Sede: Kairos APS – San Marco Argentano
Programma: Percorsi di Autonomia – PNRR 1.2
Focus: rifinitura della formattazione con stili gerarchici, spaziature e interlinea, elenchi, immagini, intestazione/piè di pagina e tabelle.
Introduzione
Dopo aver imparato le basi, oggi abbiamo lavorato “di fino”. La classe ha trasformato documenti “ok” in testi professionali, coerenti e accessibili, grazie a una sequenza di passaggi chiari e ripetibili. Risultato: pagine che guidano l’occhio, riducono la fatica e valorizzano le idee di chi scrive.

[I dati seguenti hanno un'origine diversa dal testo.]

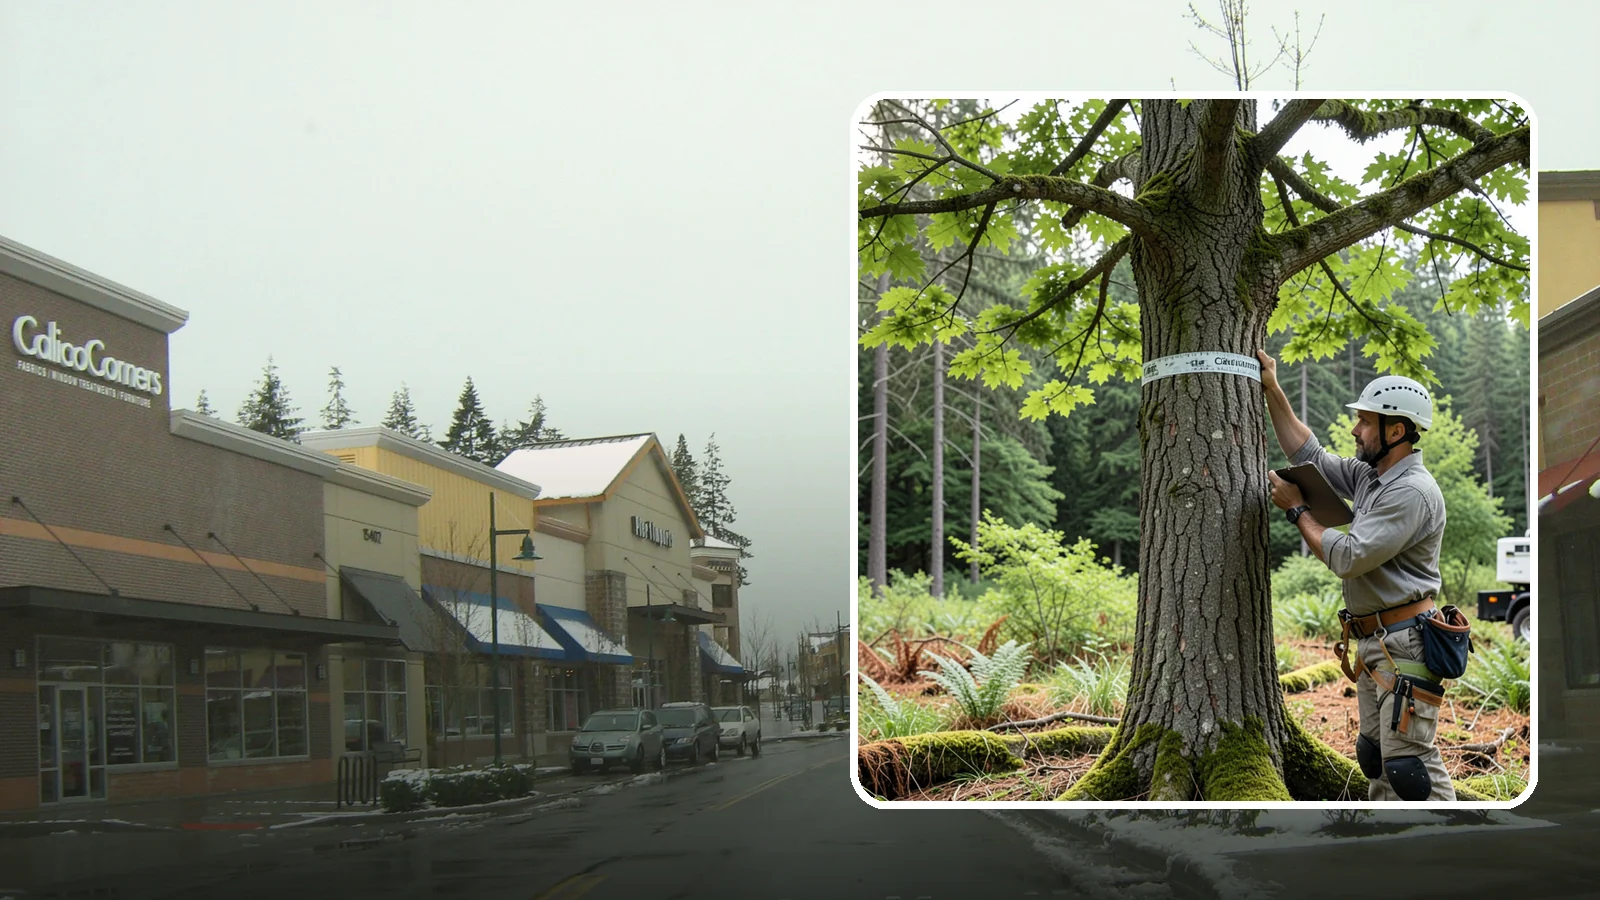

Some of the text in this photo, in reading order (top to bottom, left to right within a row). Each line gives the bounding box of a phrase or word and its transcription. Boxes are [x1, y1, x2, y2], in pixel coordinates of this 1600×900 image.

[17, 360, 151, 408] FABRICS WINDOW TREATMENTS FURNITURE

Attività svolte (step-by-step)
Gerarchie di titoli: applicazione coerente di Titolo 1/2/3 e creazione del sommario automatico.
Stili di paragrafo: interlinea 1,15–1,5; spaziature prima/dopo; rientri controllati (zero spazi “a mano”).
Elenchi puntati e numerati: procedure chiare e liste senza doppi rientri.
Allineamenti e margini: a sinistra per il corpo; centrato per i titoli; uso consapevole del giustificato.
Immagini e accessibilità: inserimento, ancoraggio al testo, dimensioni omogenee, alt-text descrittivo e didascalia breve.
Intestazione/Piede: numeri di pagina e titolo breve del documento.
Salvataggio ed esportazione: nomenclatura parlante (data + argomento + versione) ed export in PDF per condivisione/stampa.
Competenze acquisite
Hard skills
Applicare stili gerarchici, gestire interlinea/spaziature, impostare margini e allineamenti.
Inserire immagini con alt-text e didascalie; creare sommari; preparare PDF puliti.
Usare convenzioni di nomenclatura e versionare i file (v1, v2…).
Soft & metodo
Cura del dettaglio e coerenza in tutto il documento.
Autonomia nelle correzioni (prima→dopo) con criteri di leggibilità.
Routine di lavoro: stili → elenchi → immagini → intestazione/piede → PDF.
Accessibilità e inclusione
Linguaggio Easy-to-Read, struttura prevedibile, alto contrasto e icone grandi.
Alt-text obbligatorio per ogni immagine; elenchi per ridurre il carico cognitivo.
Checklist numerata per rifinitura (titoli, spaziature, elenchi, immagini, intestazione, PDF).
Evidenze di apprendimento
Tutti i corsisti hanno consegnato un documento coerente negli stili, con almeno un’immagine correttamente ancorata e alt-text.
Migliora la leggibilità (spaziature uniformi, allineamenti puliti) e calano gli errori tipici.
Cresce l’autostima: “so produrre un documento chiaro e pronto per la condivisione”.
Perché conta (impatto reale)
Una buona formattazione non è estetica: è accessibilità funzionale.
Trasforma email, relazioni, moduli e CV in contenuti chiari al primo sguardo.
Riduce il carico cognitivo: titoli ed elenchi guidano l’occhio; spaziature alleggeriscono la lettura.
Fa risparmiare tempo a chi legge e energia mentale a chi scrive, perché la struttura lavora per te.
Per i nostri corsisti significa autonomia digitale misurabile: più chiarezza, meno errori, più sicurezza nel produrre e condividere documenti nella vita di tutti i giorni.